Entering the reactor floor and other parts of the campus where radioactive material is handled requires donning gowns, gloves and bootees and wearing a personal radiation counter.

Watched through windows by control room staff, operators on a bridge use a hoist to lower items into and out of the core, which is about the size of bar fridge.

Operations manager David Vittorio says the open pool design makes OPAL user-friendly.

“Using water as a medium to move things around is very typical of a research rector and it makes it easier to load things in the reactor, irradiate them and then remove them from the reactor,’’ he says.

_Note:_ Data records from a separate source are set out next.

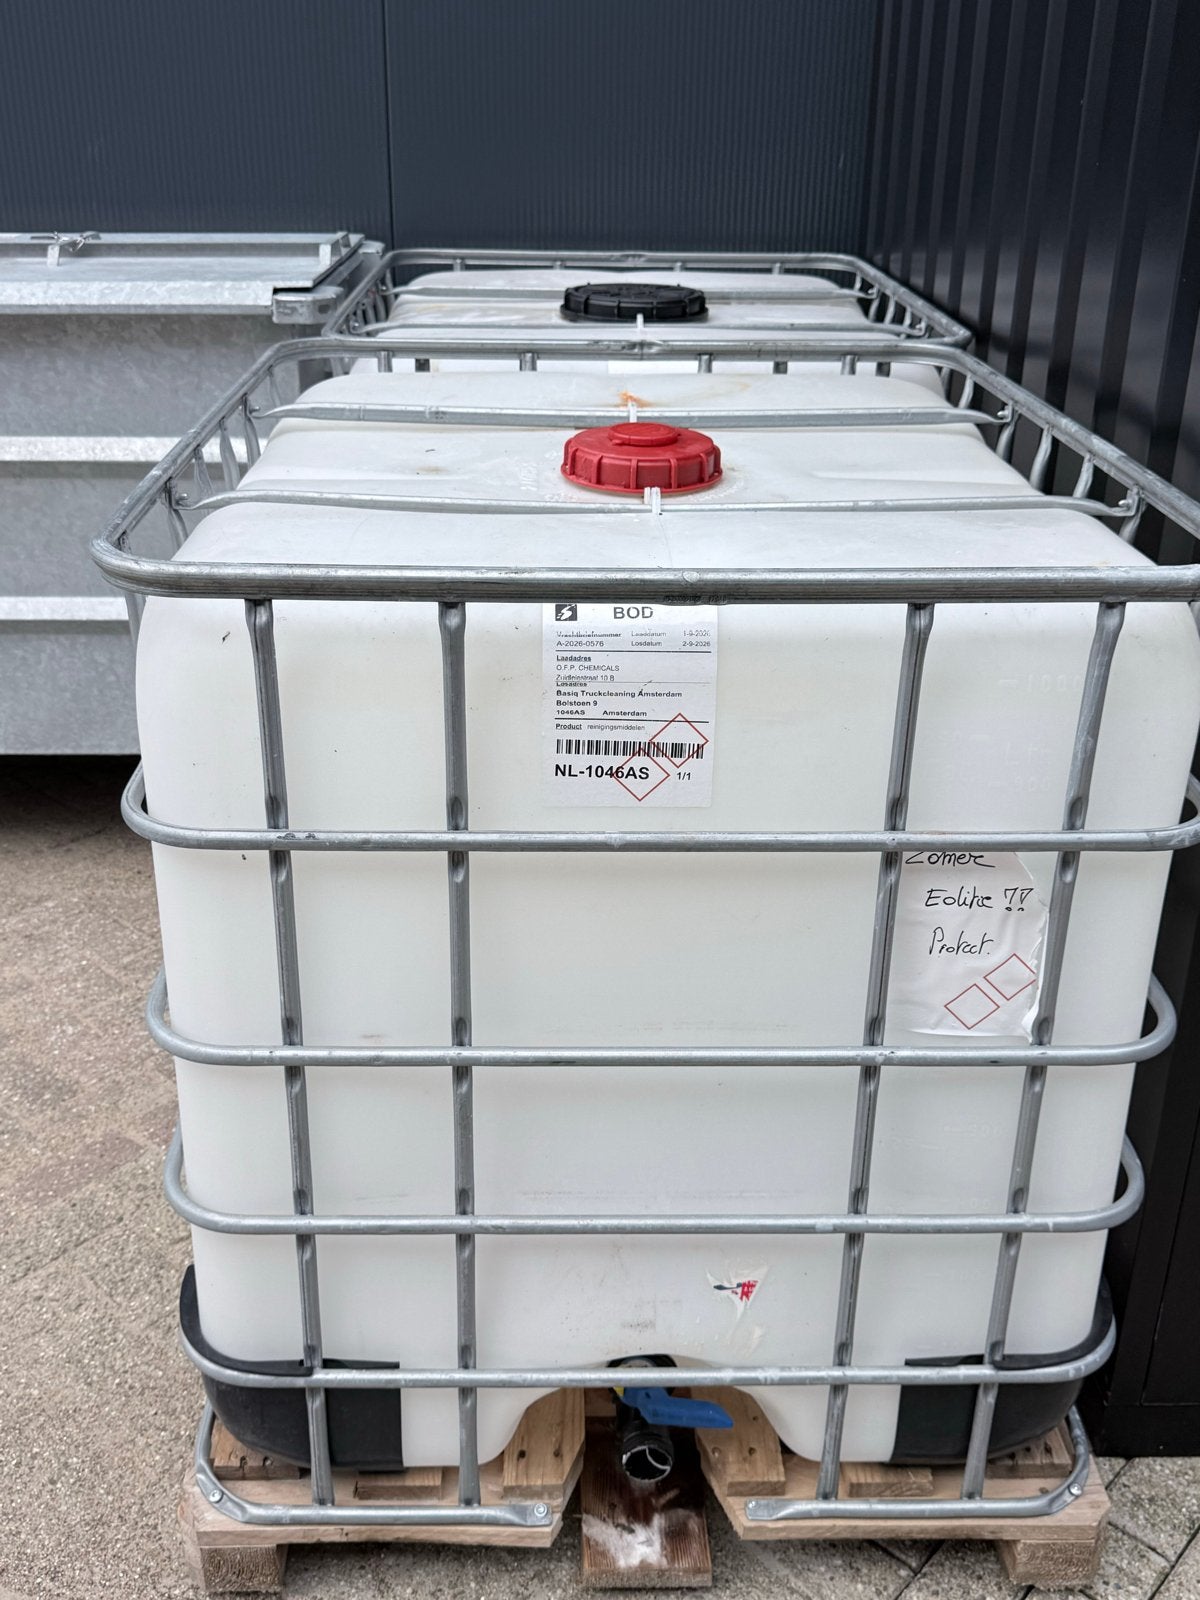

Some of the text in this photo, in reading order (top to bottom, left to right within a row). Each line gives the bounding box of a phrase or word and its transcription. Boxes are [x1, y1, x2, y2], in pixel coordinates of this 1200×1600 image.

[613, 606, 654, 619] BOD
[556, 689, 683, 698] Basiq Truckcleaning Amsterdam
[587, 724, 645, 732] reinigingsmiddelen
[554, 764, 691, 781] NL-1046AS 1/1
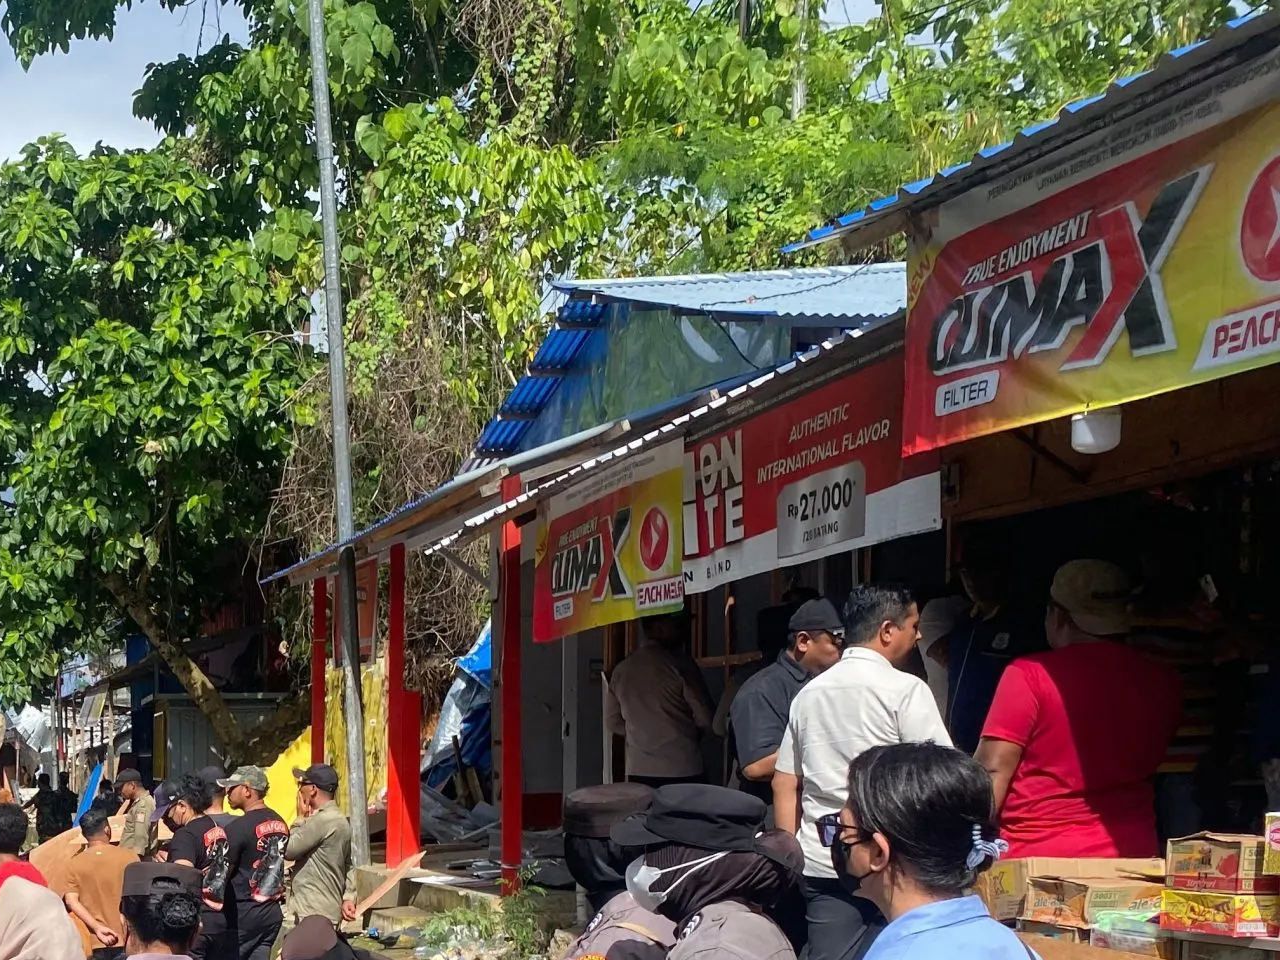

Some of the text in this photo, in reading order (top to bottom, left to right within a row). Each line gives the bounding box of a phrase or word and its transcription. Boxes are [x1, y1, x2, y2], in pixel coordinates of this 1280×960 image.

[961, 209, 1094, 286] TRUE ENJOYMENT
[943, 379, 989, 410] FILTER
[789, 402, 850, 443] AUTHENTIC
[757, 418, 891, 485] INTERNATIONAL FLAVOR
[788, 503, 799, 519] Rp
[551, 507, 635, 602] CLIMAX
[637, 584, 662, 606] EACH
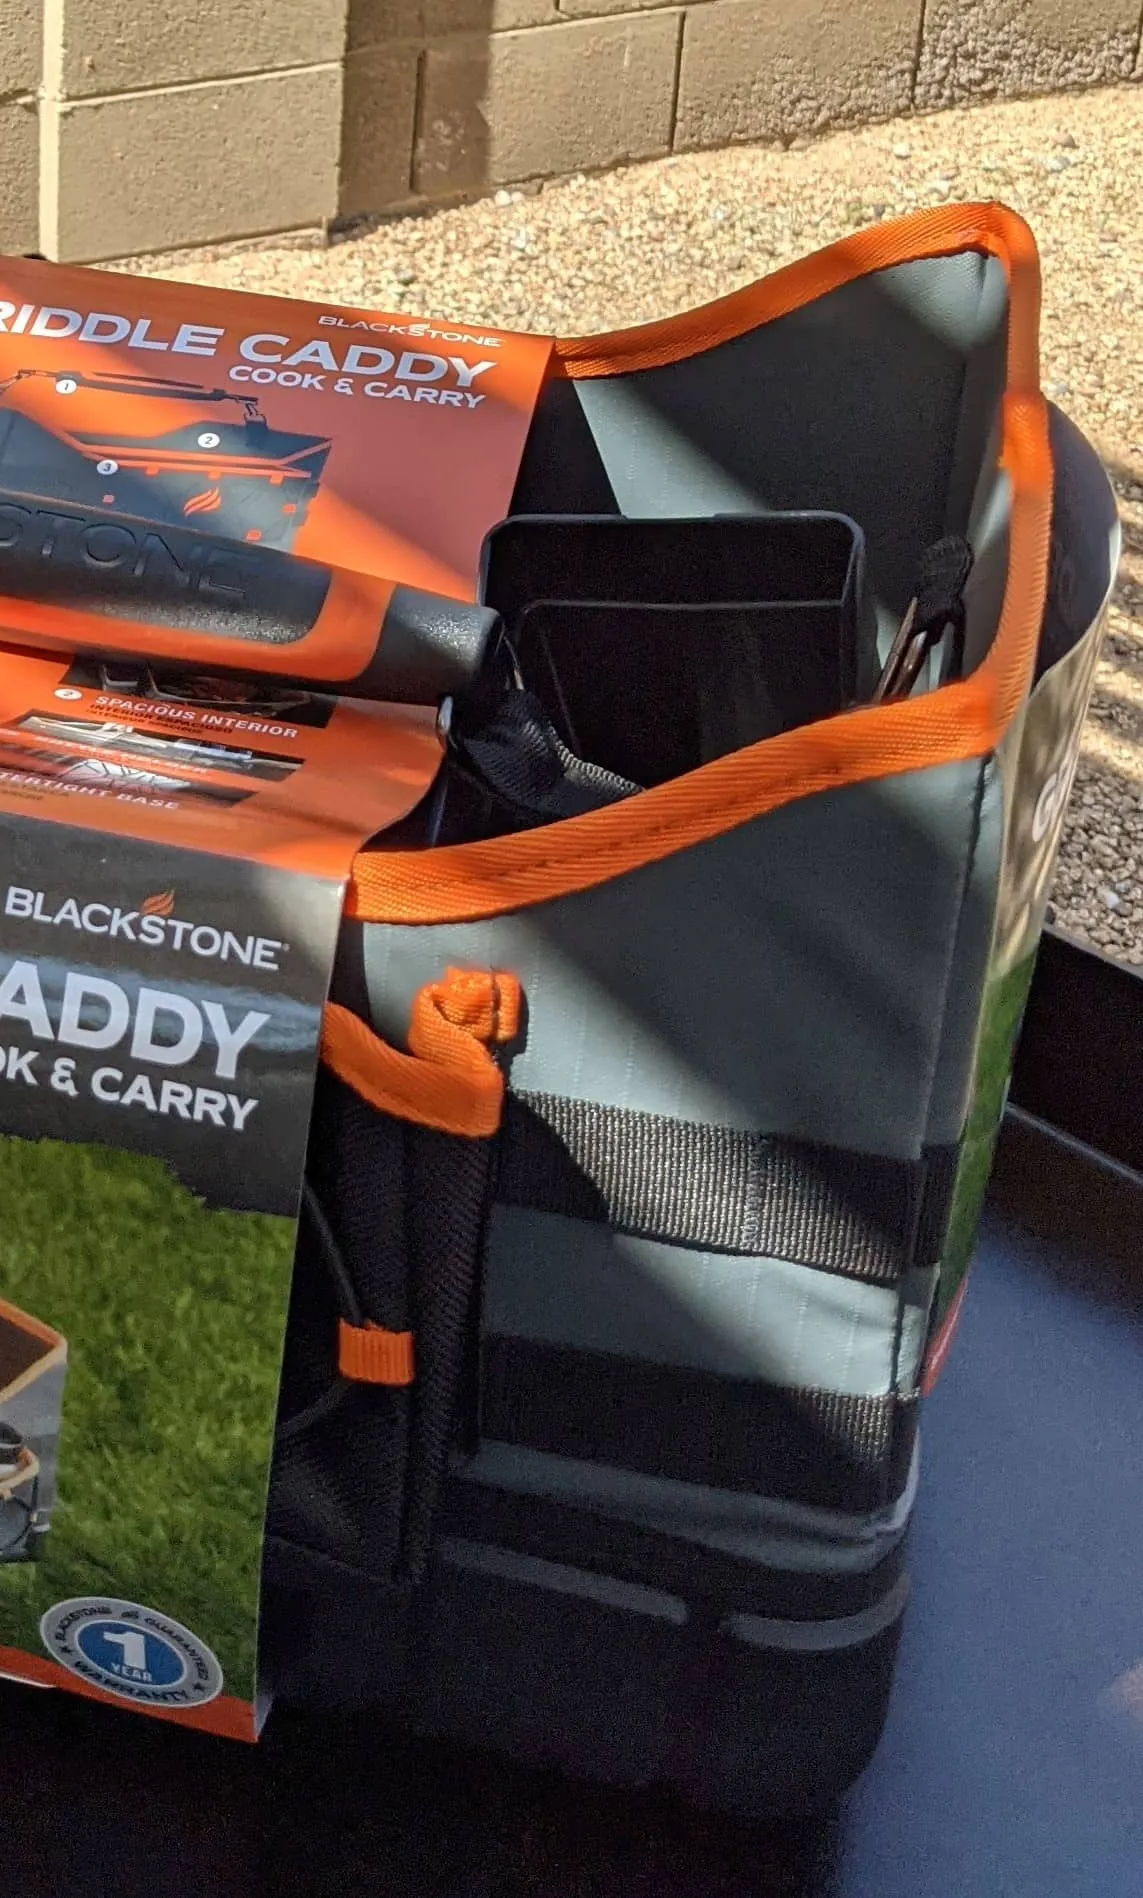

To create fission, a neutron hits the nucleus of a uranium atom and splits the atom, creating more neutrons.

The core contains 16 fuel assemblies, containing 21 uranium fuel plates.

The reactor can be shut down in less than a second using control rods or by draining water from the pool.

Spent fuel rods are moved to an adjoining pool.

The reactor is tiny compared to the plants used to generate electricity overseas.

It contains about 25kg of uranium, while a power reactor will have hundreds of tonnes of the fuel.

As we leave the reactor floor and take off safety gear, we are screened using two different devices to detect any radiation exposure.

Photographer Craig Greenhill’s cameras are given an especially thorough going-over by a safety officer and paperwork is prepared certifying that they are uncontaminated.

And like most visitors, we leave amazed by this little-known Australian scientific success story.